SAN DIEGO - San Diego's first-term mayor is beginning two weeks of full-time therapy while facing a sexual harassment lawsuit and calls for his resignation amid a flurry of allegations that he groped and forcibly kissed women for years.
Bob Filner's accusers, his one-time supporters and voters express skepticism that his therapy starting Monday is an appropriate remedy for what the mayor himself has described as years of inappropriate behavior toward women. Longtime therapists question how much progress can be made.
10News spoke with a local therapist about what Filner's treatment might entail.
"There will be things like individual therapy, where he meets one-on-one with a therapist," said Dr. Kristin Zeising. "There possibly could be group therapy where he meets with a therapist and multiple other members."
As his treatment begins, Zeising says there will probably be psychological testing to try to get to the root of why the mayor behaves the way he does.

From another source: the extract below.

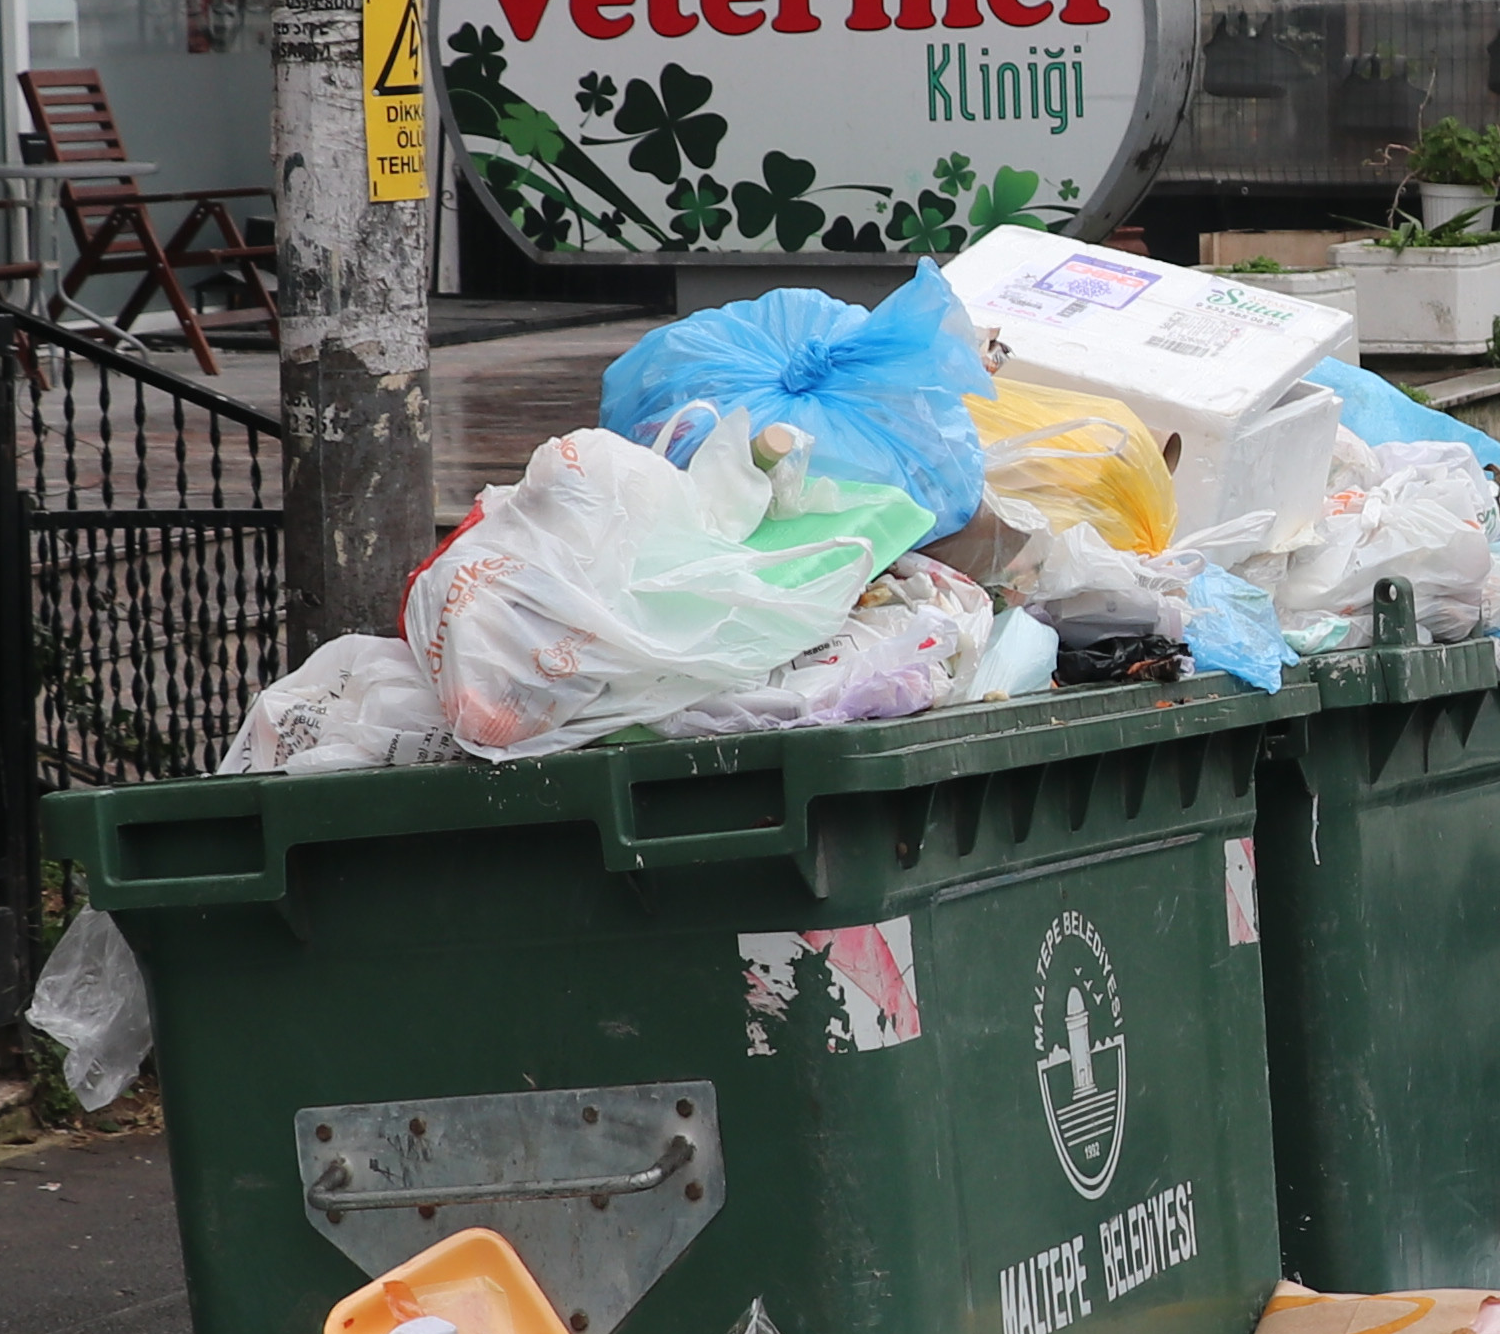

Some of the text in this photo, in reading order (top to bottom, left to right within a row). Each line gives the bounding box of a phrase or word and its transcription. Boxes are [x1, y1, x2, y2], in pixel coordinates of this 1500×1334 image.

[927, 43, 1084, 134] Kliniği
[1034, 917, 1063, 1052] MALTEPE
[1100, 1181, 1198, 1303] BELEDİYESİ

"They will assess his personality, whether or not he has something like a personality disorder like narcissism, assess whether he has a mood disorder, anxiety... all sorts of things," she said.
Zeising says those who will treat Filner will need to focus on his motivation for going into therapy.

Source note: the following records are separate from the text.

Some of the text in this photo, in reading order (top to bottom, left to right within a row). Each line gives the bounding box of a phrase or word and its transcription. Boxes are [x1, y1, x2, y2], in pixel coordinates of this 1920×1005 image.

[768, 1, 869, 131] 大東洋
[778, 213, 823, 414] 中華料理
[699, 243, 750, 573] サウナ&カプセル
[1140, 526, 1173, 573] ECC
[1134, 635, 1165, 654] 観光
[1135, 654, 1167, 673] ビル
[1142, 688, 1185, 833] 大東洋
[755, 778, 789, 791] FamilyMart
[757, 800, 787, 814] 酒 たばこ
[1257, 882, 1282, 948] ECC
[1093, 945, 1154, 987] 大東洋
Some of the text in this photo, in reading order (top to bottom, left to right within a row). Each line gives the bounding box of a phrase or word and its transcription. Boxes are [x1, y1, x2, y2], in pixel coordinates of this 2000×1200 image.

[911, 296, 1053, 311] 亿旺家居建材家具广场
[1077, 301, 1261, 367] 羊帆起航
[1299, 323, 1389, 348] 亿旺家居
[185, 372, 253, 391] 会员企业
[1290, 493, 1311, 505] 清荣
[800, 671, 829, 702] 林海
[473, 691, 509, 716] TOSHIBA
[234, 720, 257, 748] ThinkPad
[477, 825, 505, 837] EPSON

"If he's really motivated for change, then two weeks is a start and then hopefully ongoing deeper psychotherapy, but we really don't know what his motivation is," she said.
But Zeising says for true change to happen, Filner has a tough road ahead of him.
"At 70 years old, one's personality and behaviors are typically pretty formed," she said. "He'd have to really want to change and have some real good motivation for change."
Neither Filner nor his office has released details about his therapy or its location.
Zeising says wherever it is, it will probably be pricey.
"It's usually thousands of dollars people will spend in order to engage in a two-week program," she said.
Filner is picking up the tab for the treatment.
According to the Associated Press, he is set to be grilled by lawyers under oath Friday in the harassment lawsuit brought by his former communications director.